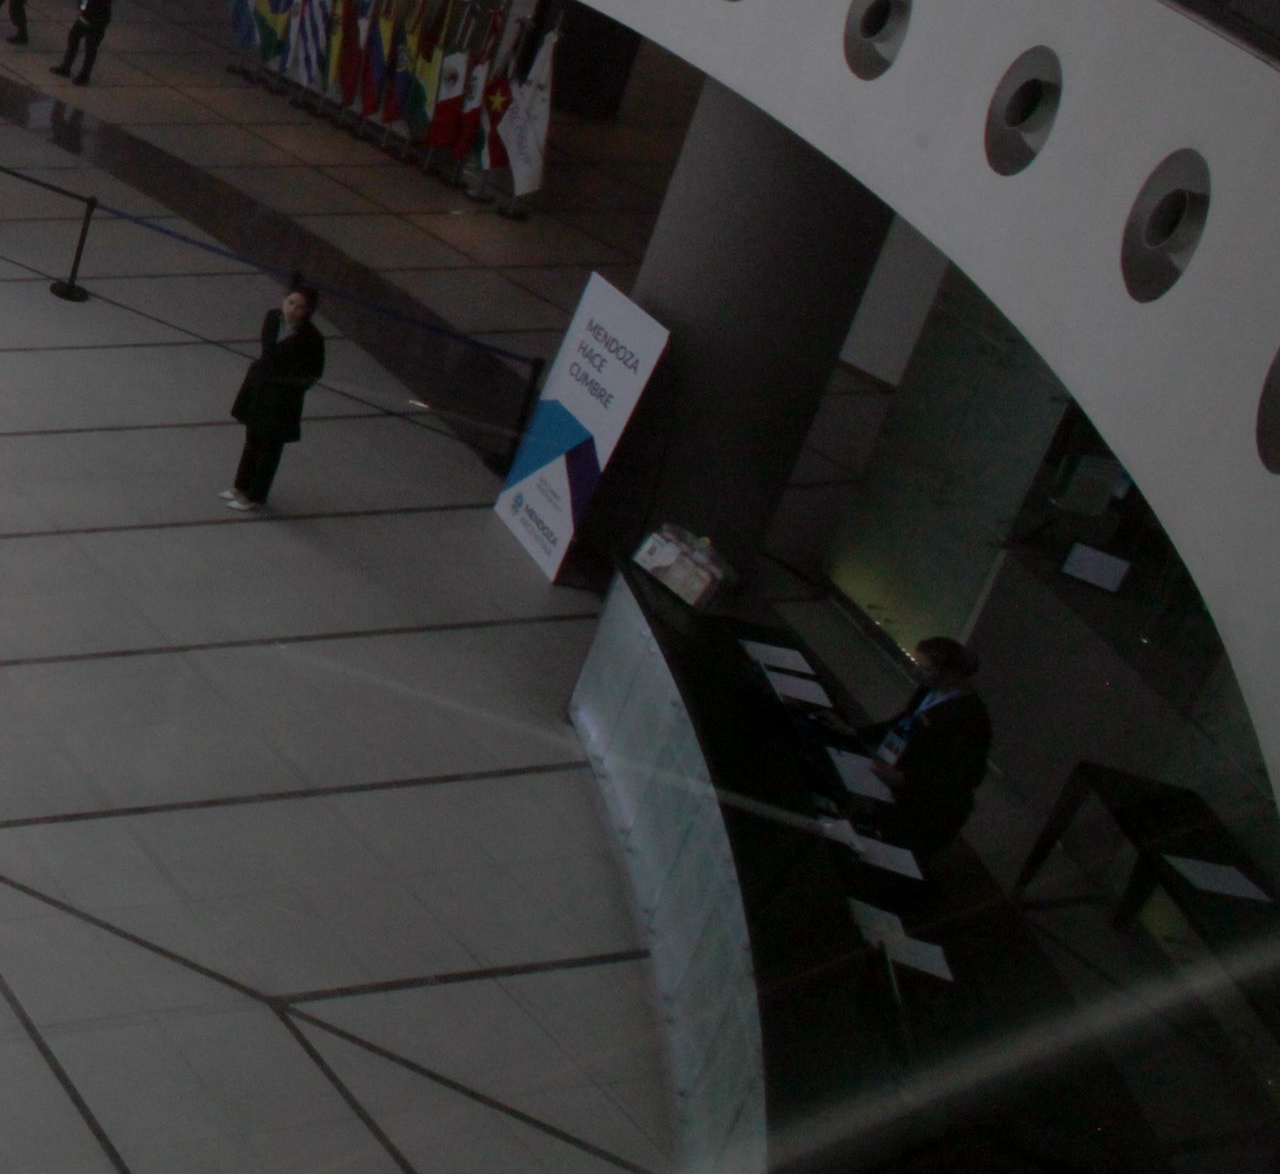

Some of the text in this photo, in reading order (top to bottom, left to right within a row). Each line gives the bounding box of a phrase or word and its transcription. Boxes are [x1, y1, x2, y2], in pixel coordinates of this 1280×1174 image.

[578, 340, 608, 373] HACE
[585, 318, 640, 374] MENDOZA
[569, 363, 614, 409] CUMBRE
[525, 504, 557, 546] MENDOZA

### Work to complete
With the images removed, write out all of the material above exactly.

### Answer section
Some of the text in this photo, in reading order (top to bottom, left to right within a row). Each line gives the bounding box of a phrase or word and its transcription. Boxes are [x1, y1, x2, y2], in pixel coordinates of this 1280×1174 image.

[578, 340, 608, 373] HACE
[585, 318, 640, 374] MENDOZA
[569, 363, 614, 409] CUMBRE
[525, 504, 557, 546] MENDOZA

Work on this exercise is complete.